Fake Mau settlers line up for payout

A policeman inspects one of the vacant tents during the night at the Kapkembu camp in Kuresoi District where those evicted from Mau Forest are camping. A survey conducted by the Nation found that people posing as evicted have started trooping into the camps. Photo/HEZRON NJOROGE

Tricksters have infiltrated camps for people evicted from Mau Forest putting into jeopardy the government’s compensation plan.

The taxpayer now stands to lose millions of shillings if the imposters are not identified and kicked out, the Nation has learnt.

Scores of residents of the reserve areas near the camps have assumed the status of refugees by day and home owners at night, in a ploy to benefit from a resettlement package that may be given to the displaced persons. The government’s own audit has confirmed that nearly 3,000 homesteads in the camps are those of imposters.

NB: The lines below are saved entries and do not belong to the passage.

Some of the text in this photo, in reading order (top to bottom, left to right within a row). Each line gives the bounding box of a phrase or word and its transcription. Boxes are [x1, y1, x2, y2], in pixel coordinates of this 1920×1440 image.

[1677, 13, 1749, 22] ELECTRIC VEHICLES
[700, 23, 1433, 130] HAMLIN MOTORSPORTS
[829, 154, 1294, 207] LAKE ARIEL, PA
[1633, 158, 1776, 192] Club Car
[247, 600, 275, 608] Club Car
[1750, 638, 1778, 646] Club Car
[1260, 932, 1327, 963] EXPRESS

Mau is Kenya’s largest indigenous forest and the biggest water tower with at least 12 rivers originating from it. They include Ewaso Ng’iro, Sondu, Mara and Njoro and encroachment on it has led to the drying up of several lakes in the Rift Valley, which solely feed off its waters.

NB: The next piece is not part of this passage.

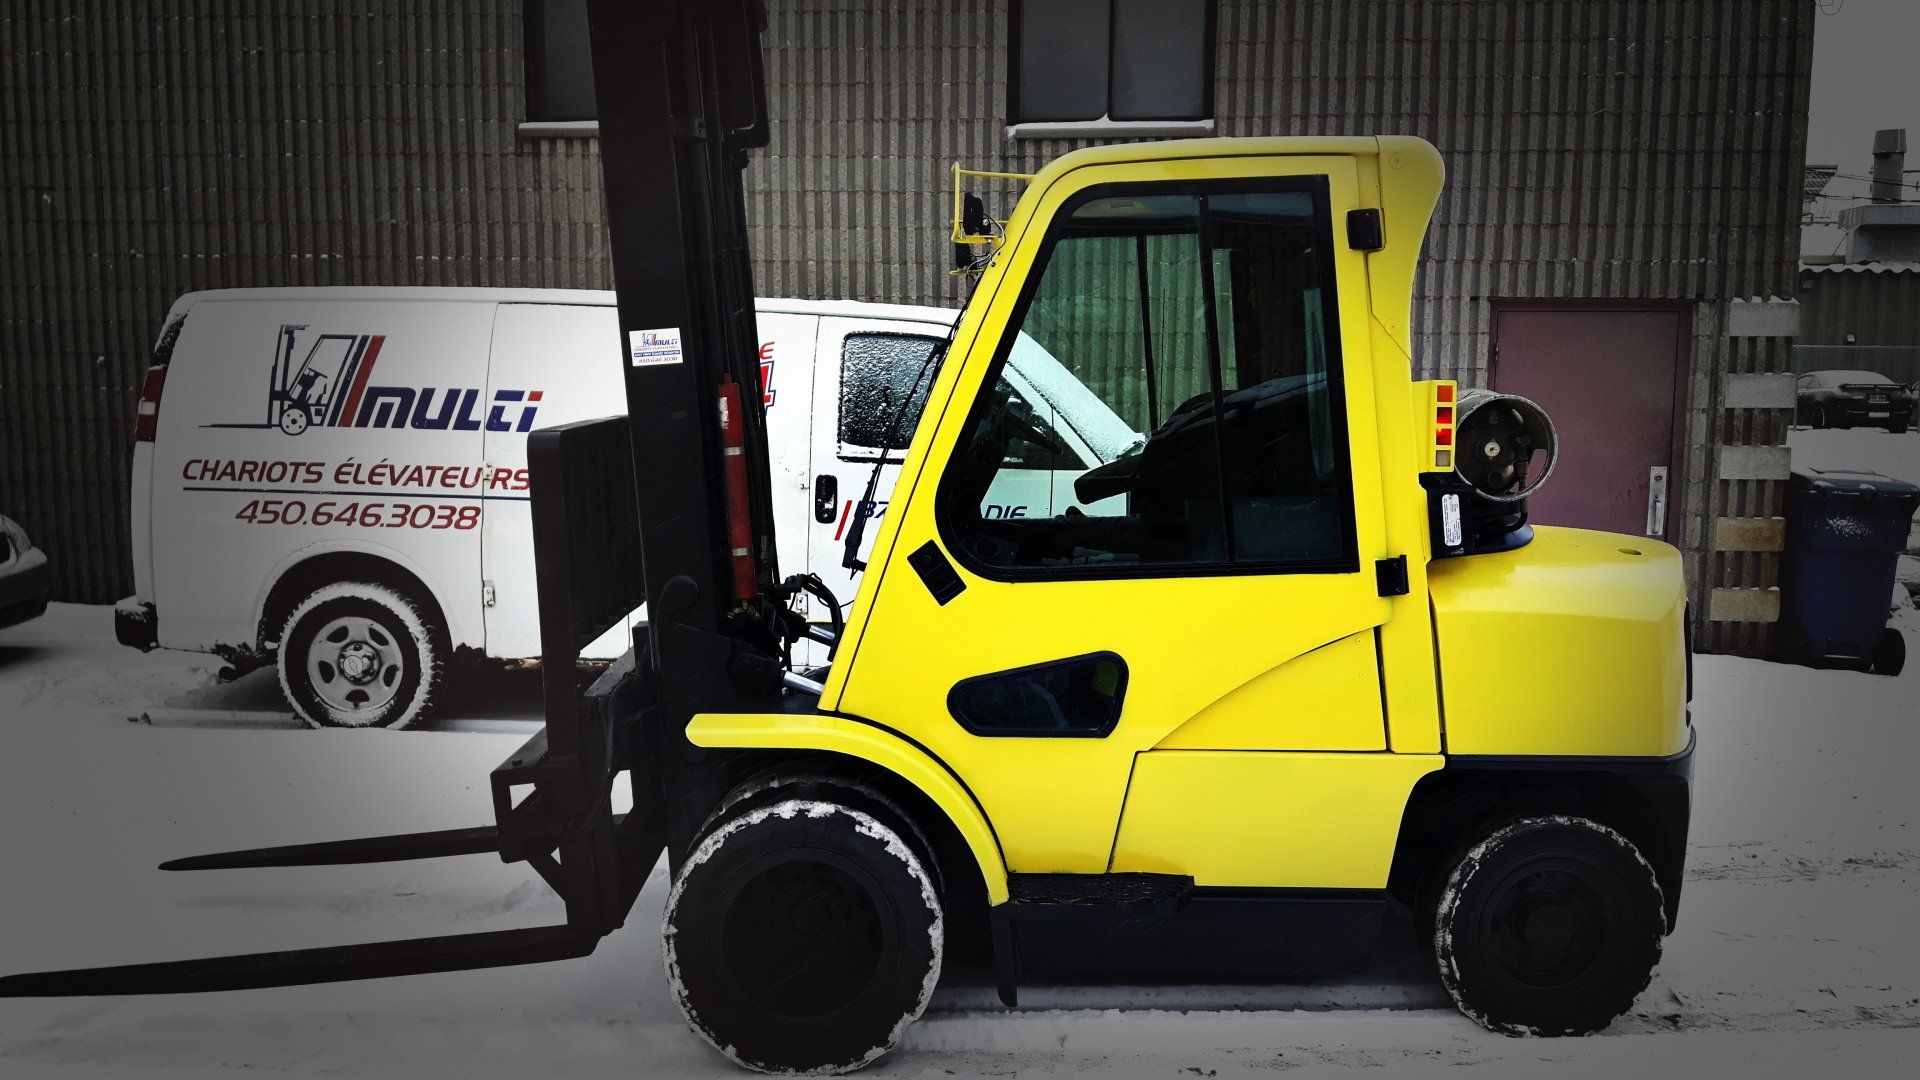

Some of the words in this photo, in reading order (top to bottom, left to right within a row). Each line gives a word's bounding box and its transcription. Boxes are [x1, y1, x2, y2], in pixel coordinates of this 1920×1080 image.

[182, 458, 326, 484] CHARIOTS
[333, 456, 531, 491] ÉLÉVATEURS
[235, 500, 482, 531] 450.646.3038

Mau’s strategic importance lies in the ecosystem services it provides to Kenya and beyond, including the regulation of river flow, flood mitigation, water storage, reduced soil erosion and biodiversity.

Its continued destruction, therefore, threatens to cause a water crisis of national and regional proportions that could extend far beyond the borders of Kenya.

Daily Nation journalists visited camps at Kipkongor and Kurbanyat where more than 1,000 families ordered out of the forest in the first phase of evictions are staying.

The visit established that while the tents are fully occupied with men, women and children during the day, many of them were vacant at night.

Transition camps

Mr Ezekiel Kirui, the vice-chair of the camp, confirmed that many people from the nearby Kapkembu settlement scheme were masquerading as having been evicted and have been trickling to the transitional camps during the day. At night their tents are deserted.

Mr Kirui who moved out of Tilolwet Village in the forest, said: “Some of us in these camps are land speculators and are here expecting to hijack the opportunity and get compensation.”

He said the number of those evicted in a camp called Tarta had shot up since the government announced a Sh35,000 compensation for the victims.

The cheats are also benefiting from humanitarian aid of food, blankets and medicine provided by charitable organisations and the government.

This had drastically reduced the rations for genuine victims of eviction, Mr Kirui said.

“The first registration conducted indicated that we are around 684 families, but the number has since risen to more than 2,000 families with many still streaming in,” he said.

Rift valley PC Osman Warfa has previously warned about the imposters.

The PC said initially there were 5,784 households in the camps, but after the completion of the registration exercise two weeks ago, it was established that only 2,850 were genuine.

Demolished

After the eviction, the villagers came out with the little they could carry, leaving behind homes that have reportedly been demolished, property and a maize crop.

One of those evicted, Mr Joshua Kibet Koech, said they were still hoping the government would reverse the evictions and let them return to the Mau.

He said their main concern was the maturing fields of maize, sorghum and finger millet, which most of them were looking forward to harvesting in a few months time.

Those interviewed claimed they had stayed in the forest for decades and removing them without any form of help was inhuman.

But the government insists that this group of settlers moved into the forest within the last six or seven years.

Conditions in the camps are dire. One cannot ignore the infants sleeping in the cold; mothers with only leftovers to feed their children, and fathers and sons, who now forage bare land in search of a meal to last until donations arrive.

The midnight patrol in Kapkembu camp found the entire camp asleep save for the silence occasionally broken by coughs of some of the evicted and barking dogs.

Accompanied by police officers from the Molo police division, we visited both the unoccupied structures and those with occupants.

Smoulders from the previous night’s fires can be spotted from the road in the various tents, some of which the residents had converted to sleeping units at night.

Visits to the heart of the forest are now restricted with forestry officers in place to enforce the directive.

However, the evicted people may be escorted to check on the livestock they left back in the forest.